Fantastic article. I've always felt that institutional knowledge flow is one of the most essential factors in a given company's ability to survive. In the nascent age of AI, this "Enterprise Context Layer" approach seems more likely to catch on (and become table stakes, in order to keep up) than something like https://dotwork.com which looks amazing but seems to imply vendor lock-in.
I agree! my instincts tell me most enterprises will hop onto this in the coming months (late stave startups first, then bigger companies) until we get to 100m token context window LLMs, this is probably the final pattern
"But what if I told you that all you need is 1000 lines of python + a github repo?" didnt need to read past this line LMAO. not at all enterprise.
Any good open source solutions for this?
honestly i don't think the "real infra" is there yet. someone has to make it

for now github + markdown might be the best way to do it

I enjoyed reading this but felt like it missed a few of the points on why a lot of companies are indexing heavily on the context layer.

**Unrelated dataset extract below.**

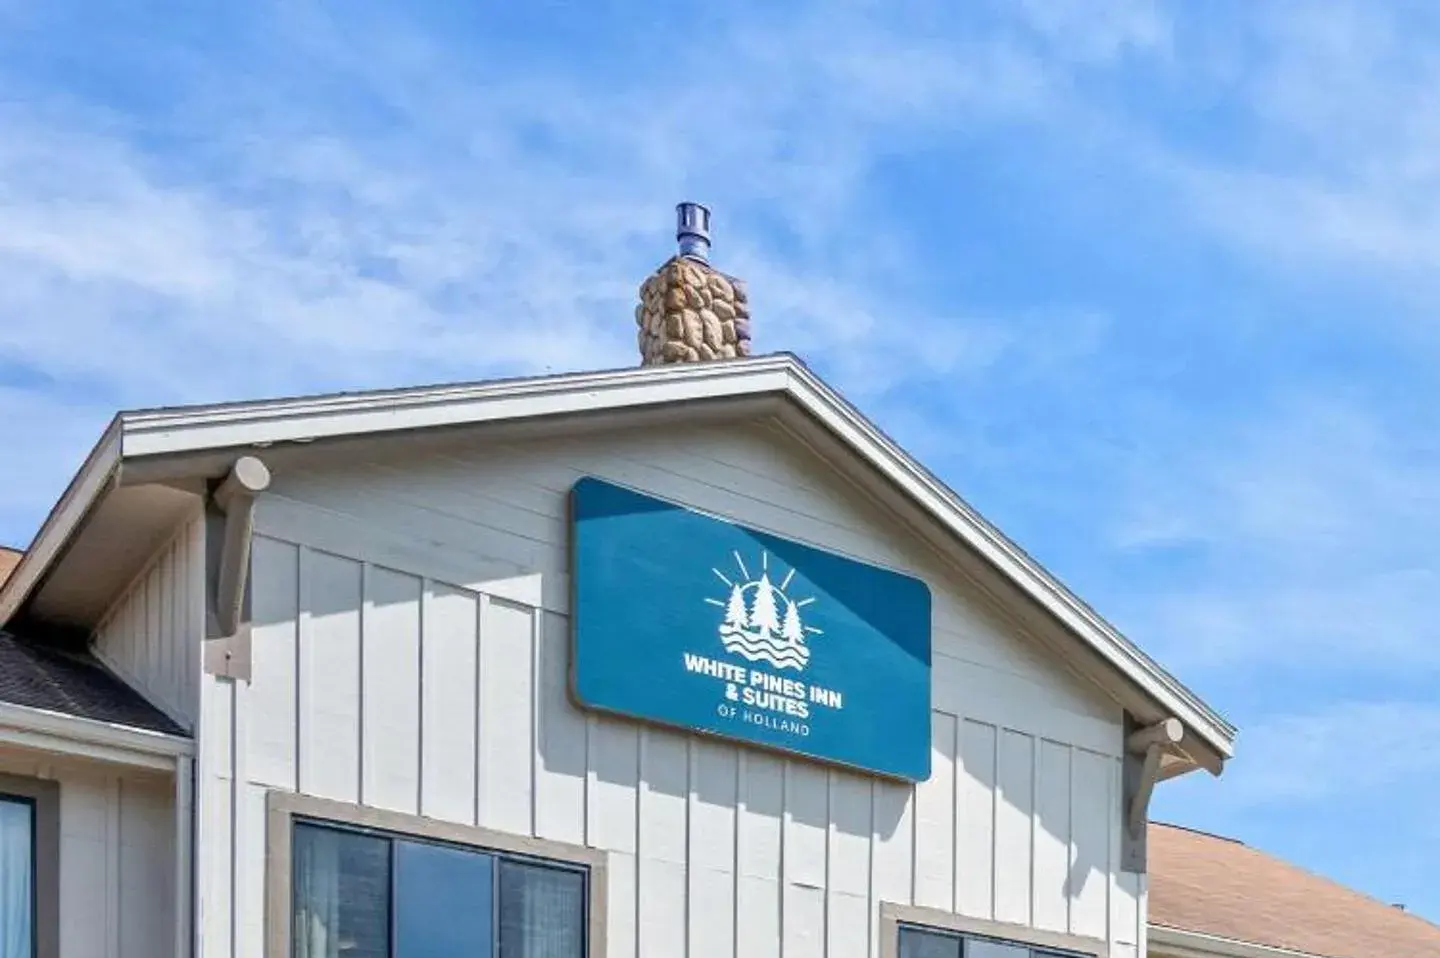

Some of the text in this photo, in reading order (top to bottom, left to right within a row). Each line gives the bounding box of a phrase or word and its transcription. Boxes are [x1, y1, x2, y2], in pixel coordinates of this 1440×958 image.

[684, 653, 842, 709] WHITE PINES INN
[725, 683, 809, 719] & SUITES
[717, 703, 809, 736] OF HOLLAND

1. While AI is capable of driving massive value, chatbots are very rarely the solution

2. You need much more than this sort of text data to represent an enterprise. Timeseries, SAP (and other ERPs), and general relational data is part of building a knowledge graph, ontology, etc

3. Storing it the way this article presents makes it usable for agents, but not humans. Whereas the point of knowledge graph, ontology, etc is to create the same layer for both humans and AI to interact with

This was great info, but as someone who is concerned about passing great info on to others about my own products, I am suddenly less worried about my posts reading like LLM-speak. This post did very well. I should probably stop overthinking it, and learn from this post about balance.
haha yea claude helped me write some of it and the other parts i just wrote by hand because i wanted to phrase things in a specific way
Love the honesty, especially around process docs describing the ideal not reality. The thing I'd push on: your agents learned data retention questions are dangerous because the history existed in the data. But what about the stuff that never gets written down at all, like whose informal veto actually kills a project? Curious if you hit that wall. Someone else wrestling with the same problem:https://behaviorgraph.com/blog/posts/the-layer-every-enterpr...
I think this would be solved via the team/personal context layer.

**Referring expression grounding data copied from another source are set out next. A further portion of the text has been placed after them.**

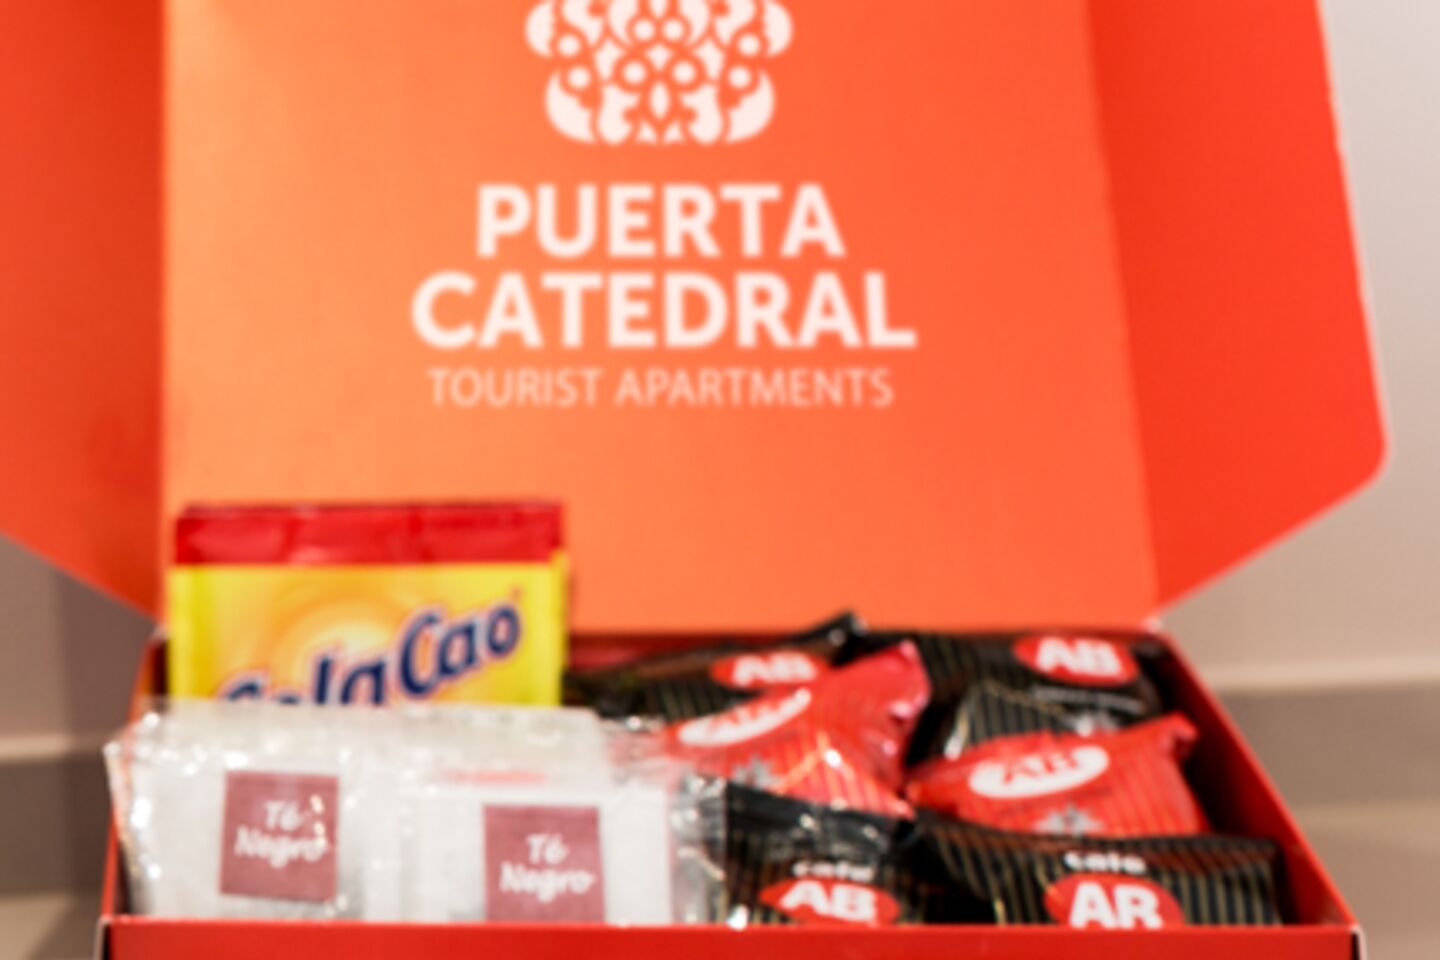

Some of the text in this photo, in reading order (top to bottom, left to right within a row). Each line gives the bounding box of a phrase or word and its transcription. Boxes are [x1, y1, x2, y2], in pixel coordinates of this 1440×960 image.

[476, 183, 846, 258] PUERTA
[411, 271, 917, 348] CATEDRAL
[426, 367, 894, 407] TOURIST APARTMENTS
[233, 826, 328, 869] Negro
[525, 833, 570, 865] Té
[499, 860, 596, 903] Negro
[780, 880, 878, 924] AB

imagine the hierachy: enterprise context, team context and then personal context. each of the layer above can read/write to the layer below. while the layers below cannot access layers above

the personal context layer, for example, would have access to all your meetings and slack dms.

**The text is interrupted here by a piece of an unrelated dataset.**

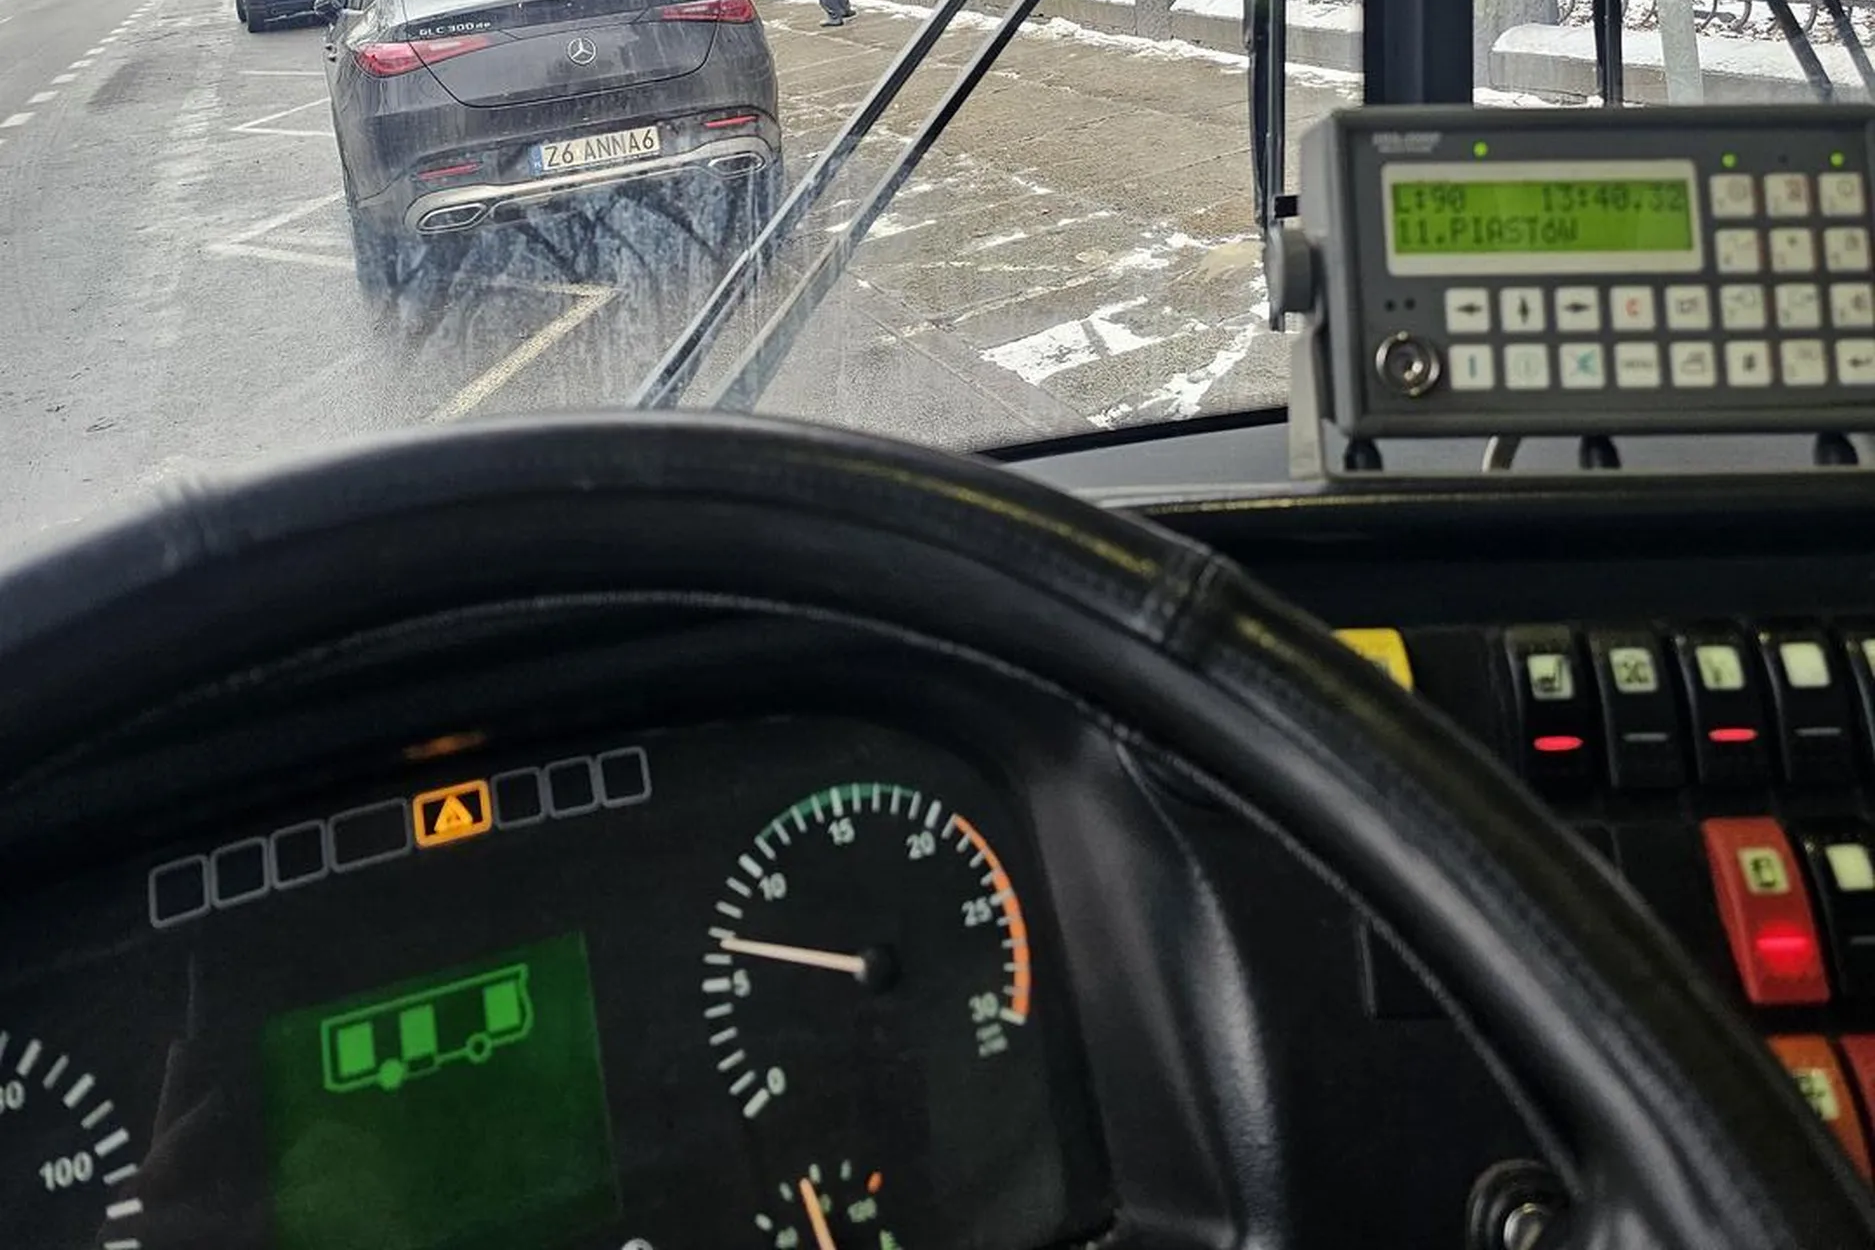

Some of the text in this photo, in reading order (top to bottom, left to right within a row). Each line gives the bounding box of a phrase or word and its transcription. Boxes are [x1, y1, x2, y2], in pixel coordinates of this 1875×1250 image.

if a group of executives decide in a private meeting to kill a project. that should be saved in their personal context layer. And an agent proactively detects the difference from the enterprise context and asks: "would you like to change enterprise context" something like that

I agree for something like quietly killing a project. That can live in a personal or team context layer at first.

But starting a new project is a different class of problem. That is not just about storing a decision. It is about adoption across the organization.

You can record that a few executives want something to happen. But that does not tell you who will drive it, who will resist it, which teams need to buy in, or how the change actually propagates. At that point, you are no longer dealing with just team or personal context. You are dealing with organizational behavior.

That is where I think the real gap still is.